Da die europäischen Vorgaben bewusst vage formuliert sind, werden mittelfristig die Gerichte interpretieren, welche Regelungen von Brüssel beabsichtigt waren und was bewusst den Mitgliedsstaaten überlassen wurde. Für jeden Flüchtling, der glaubt, dass ihm das deutsche Zuwanderungsgesetz die europäischen Mindestrechte vorenthält, ist nun in letzter Instanz der Europäische Gerichtshof zuständig. Auch Großbritannien könnte sich demnächst mit einer solchen Prüfung konfrontiert sehen. Es hat nämlich angekündigt, Flüchtlinge aus als besonders sicher geltenden Ländern zurückzuweisen, ohne die Anträge einzeln zu bearbeiten.
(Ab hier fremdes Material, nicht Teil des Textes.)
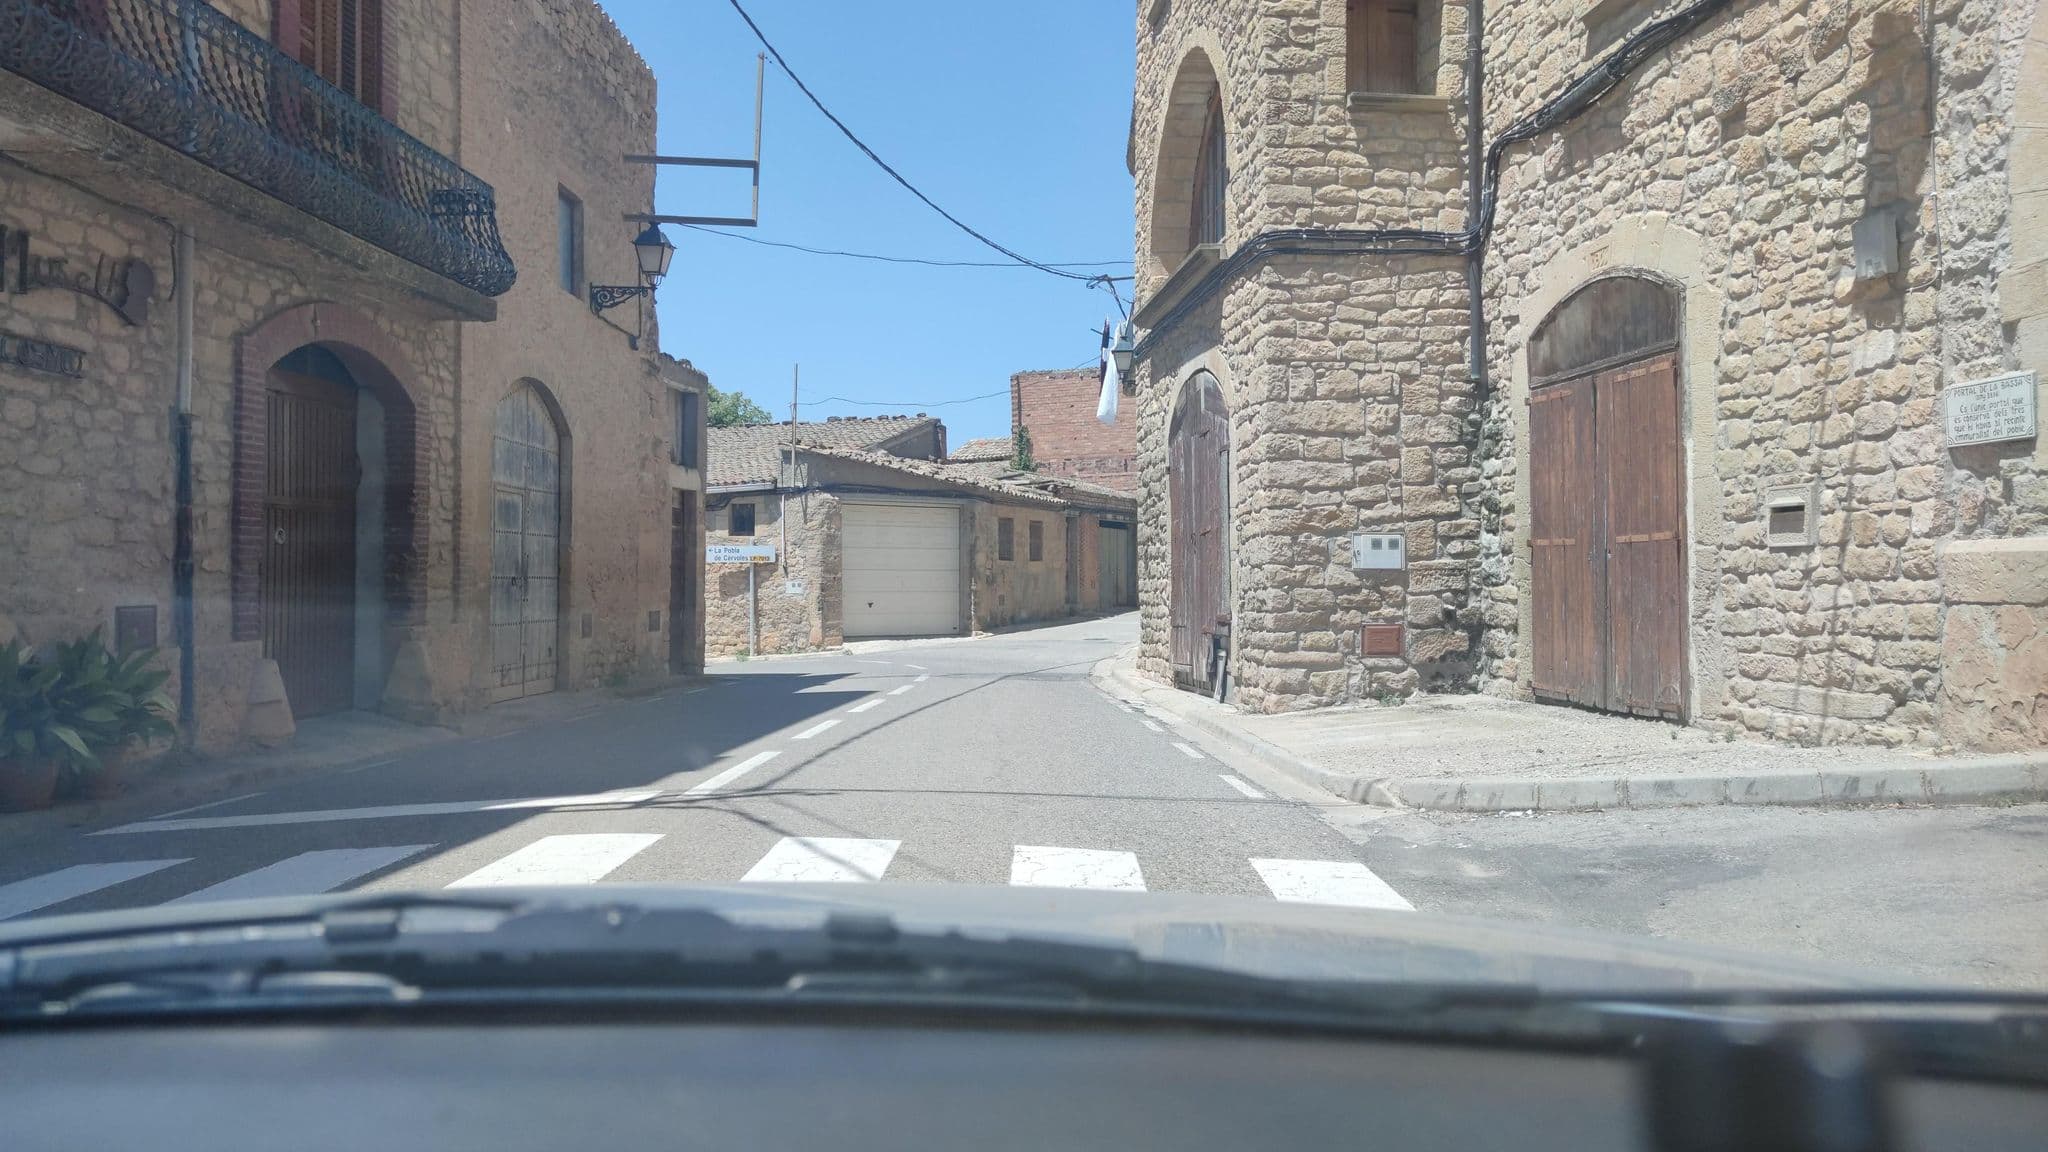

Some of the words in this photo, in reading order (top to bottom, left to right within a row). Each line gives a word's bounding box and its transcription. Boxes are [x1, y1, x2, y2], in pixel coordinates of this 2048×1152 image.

[1953, 387, 1977, 398] PORTAL
[1980, 385, 1988, 393] DE
[1989, 383, 1998, 392] LA
[2001, 380, 2023, 389] BASSA
Diese Praxis würde noch über die von Deutschland europaweit durchgesetzte Liste sicherer Drittstaaten hinausgehen. Diese Liste war von Schily zur Vorbedingung für eine Einigung gemacht worden und hatte die Verhandlungen auf EU-Ebene jahrelang blockiert, da die Kommission und einige Länder nicht zustimmen wollten. Zwar ist nach der Erweiterung auf der deutschen Liste nur die Schweiz übrig geblieben, doch Flüchtlingsorganisationen fürchten, dass die EU-Innenminister in naher Zukunft Länder wie Weißrussland oder die Ukraine zu sicheren Drittstaaten erklären könnten. Damit wäre Menschen aus diesen Ländern der Fluchtweg in die Europäische Union über sämtliche Mitgliedsstaaten verschlossen.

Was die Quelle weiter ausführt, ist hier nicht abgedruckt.